→ Exercise instructions:
Exclude the pictures, then restate every entry below exactly.

→ Data records:
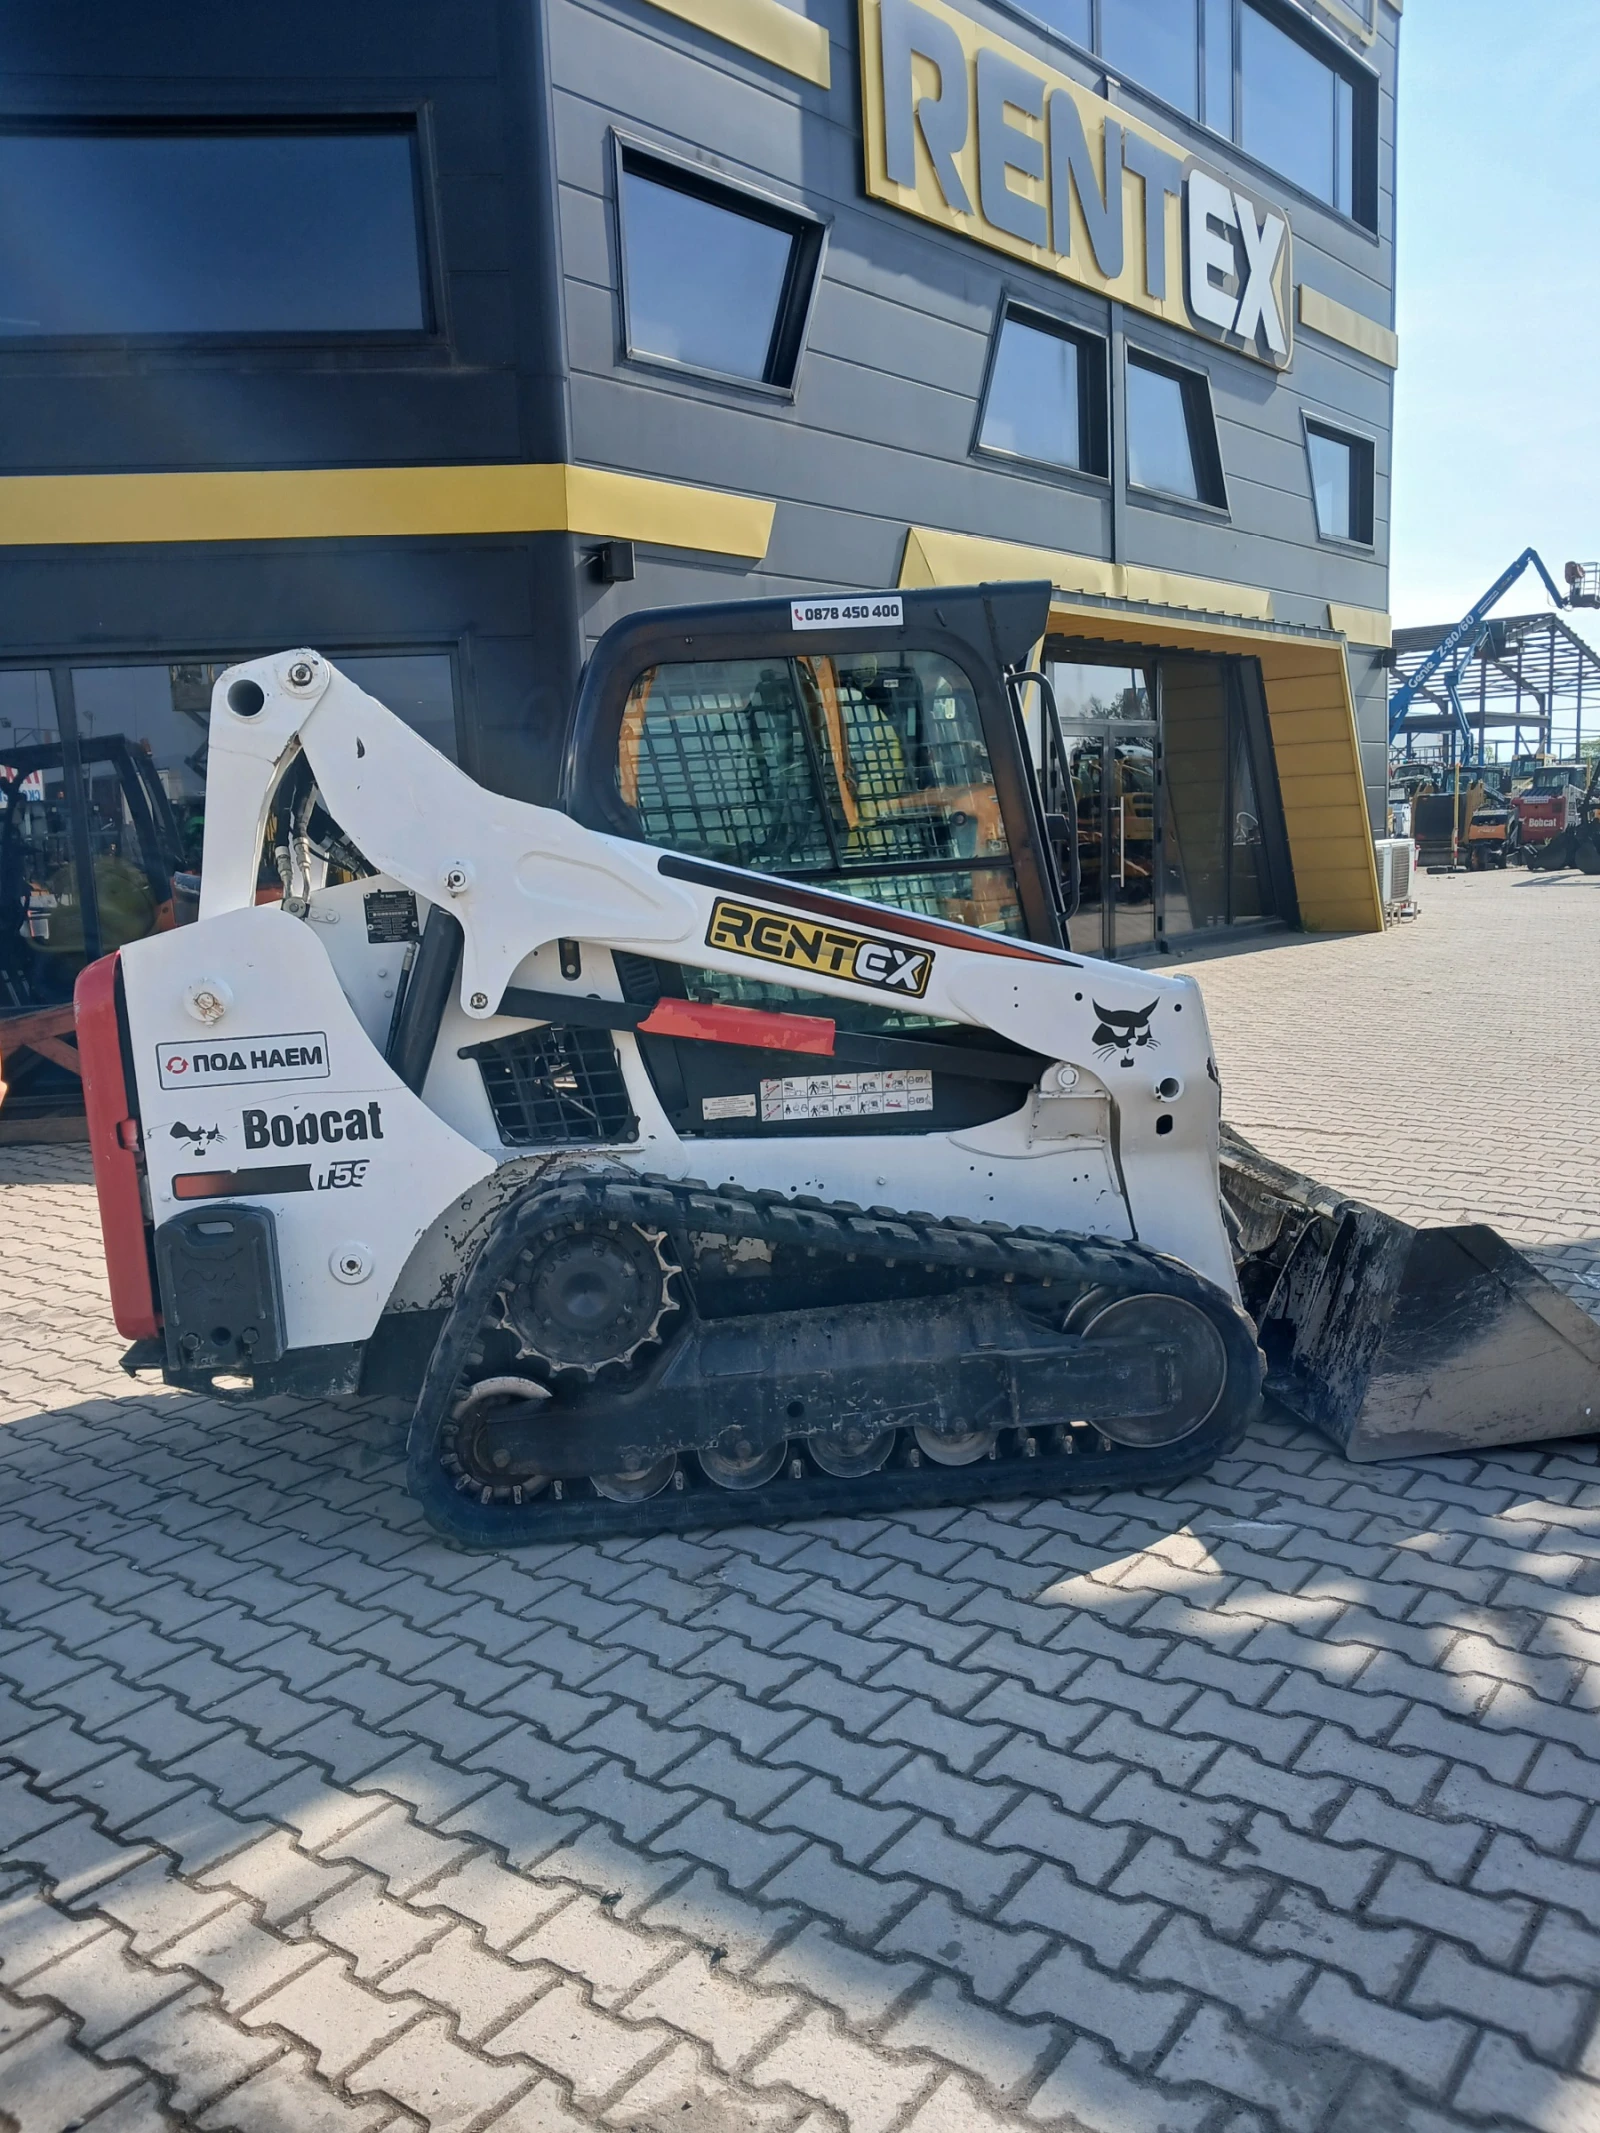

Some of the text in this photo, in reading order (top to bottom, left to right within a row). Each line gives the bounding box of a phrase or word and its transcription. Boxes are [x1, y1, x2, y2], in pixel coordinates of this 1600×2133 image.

[880, 0, 1287, 355] RENTEX
[805, 604, 899, 621] 0878 450 400
[1408, 614, 1474, 688] Genie Z-80/60
[1528, 818, 1557, 827] Bobcat
[714, 906, 926, 991] RENTEX
[193, 1046, 323, 1072] ПОД НАЕМ
[242, 1101, 384, 1150] Bobcat
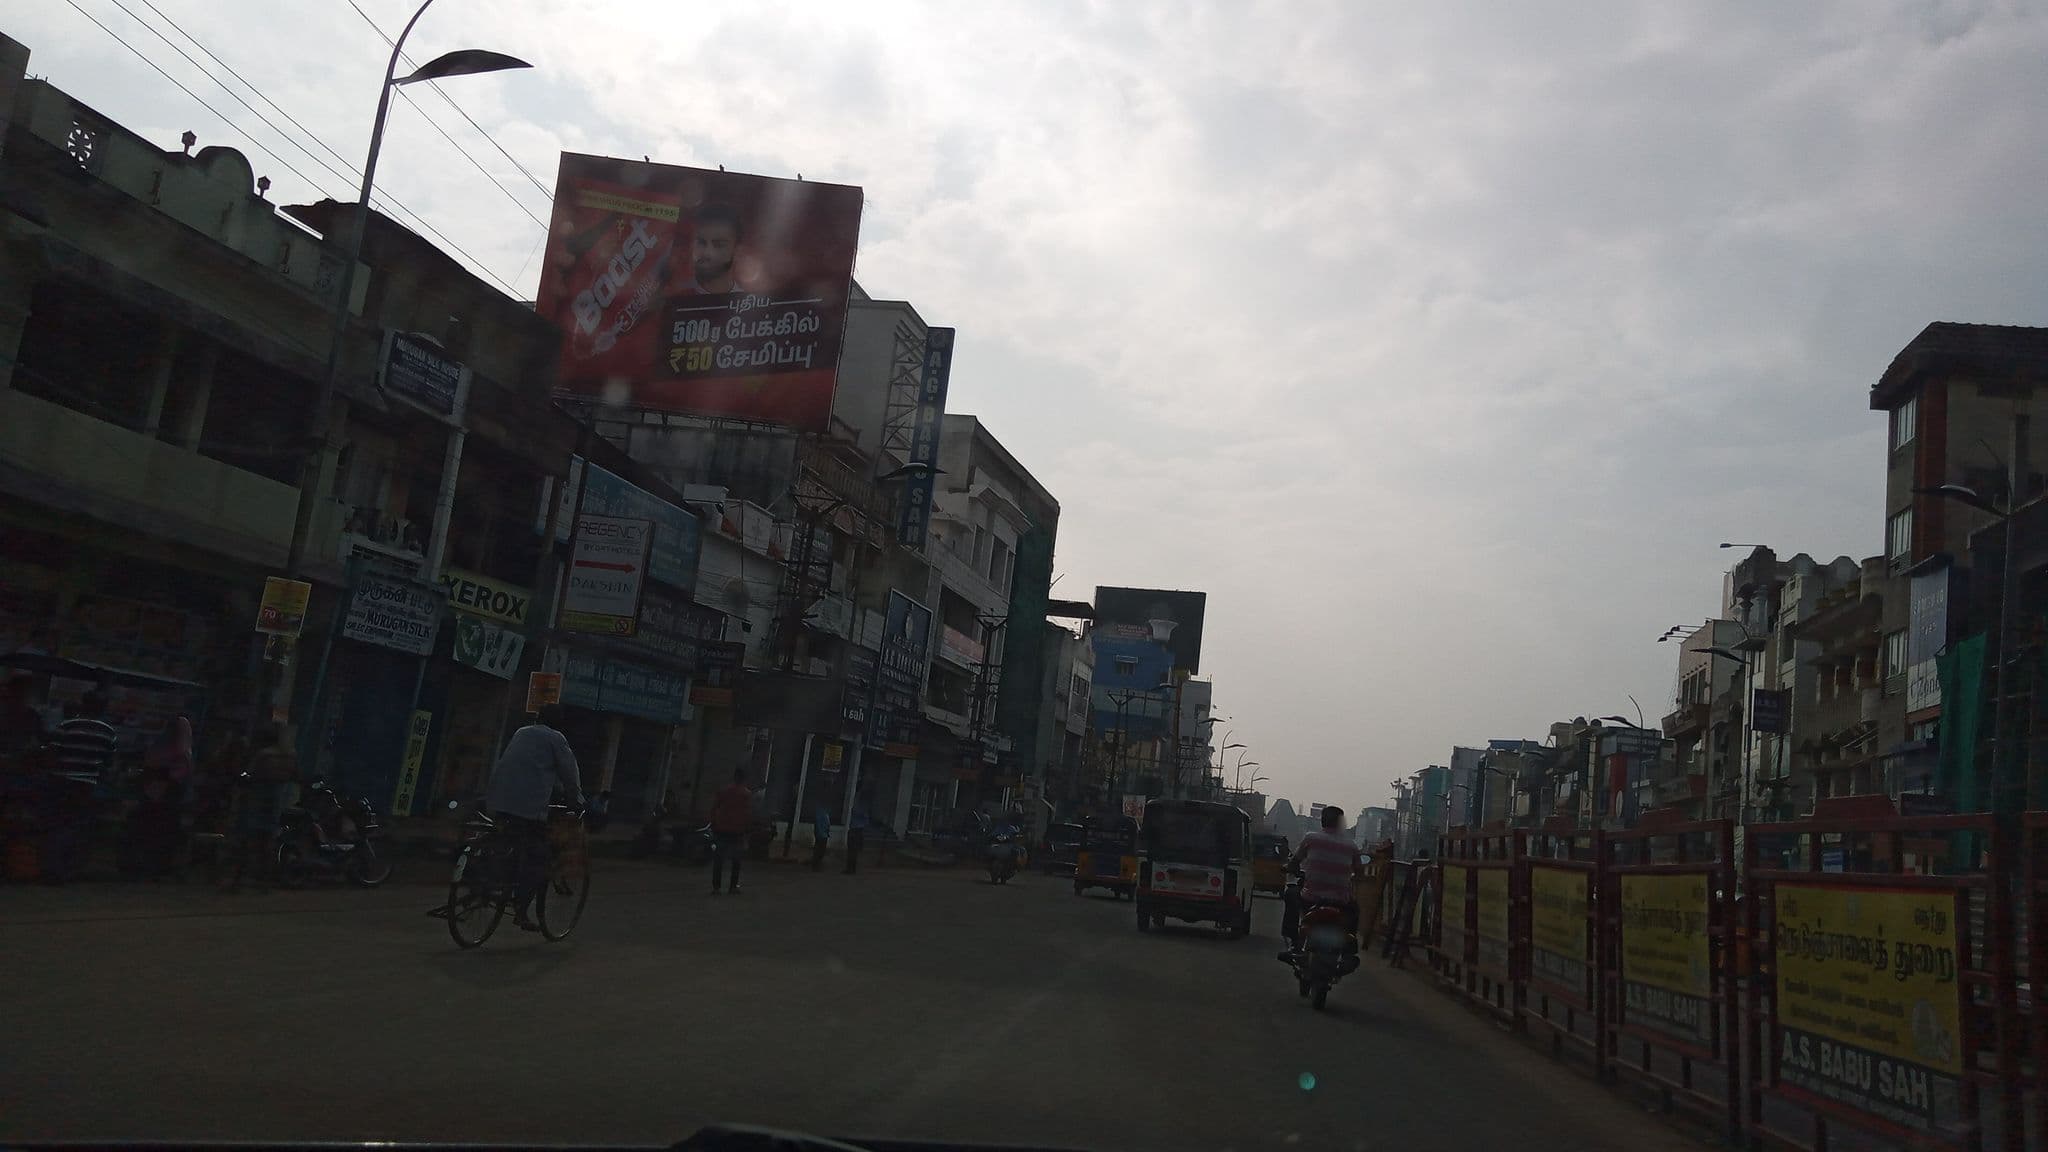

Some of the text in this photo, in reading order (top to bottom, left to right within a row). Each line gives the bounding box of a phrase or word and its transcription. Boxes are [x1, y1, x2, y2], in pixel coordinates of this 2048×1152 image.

→ Result of this exercise:
Some of the text in this photo, in reading order (top to bottom, left to right within a row). Each line gives the bounding box of a phrase or word and its transcription. Boxes are [x1, y1, x2, y2], in pixel coordinates of this 1600×2133 image.

[880, 0, 1287, 355] RENTEX
[805, 604, 899, 621] 0878 450 400
[1408, 614, 1474, 688] Genie Z-80/60
[1528, 818, 1557, 827] Bobcat
[714, 906, 926, 991] RENTEX
[193, 1046, 323, 1072] ПОД НАЕМ
[242, 1101, 384, 1150] Bobcat

Some of the text in this photo, in reading order (top to bottom, left to right within a row). Each line gives the bounding box of a phrase or word and its transcription. Boxes are [x1, y1, x2, y2], in pixel coordinates of this 2048×1152 image.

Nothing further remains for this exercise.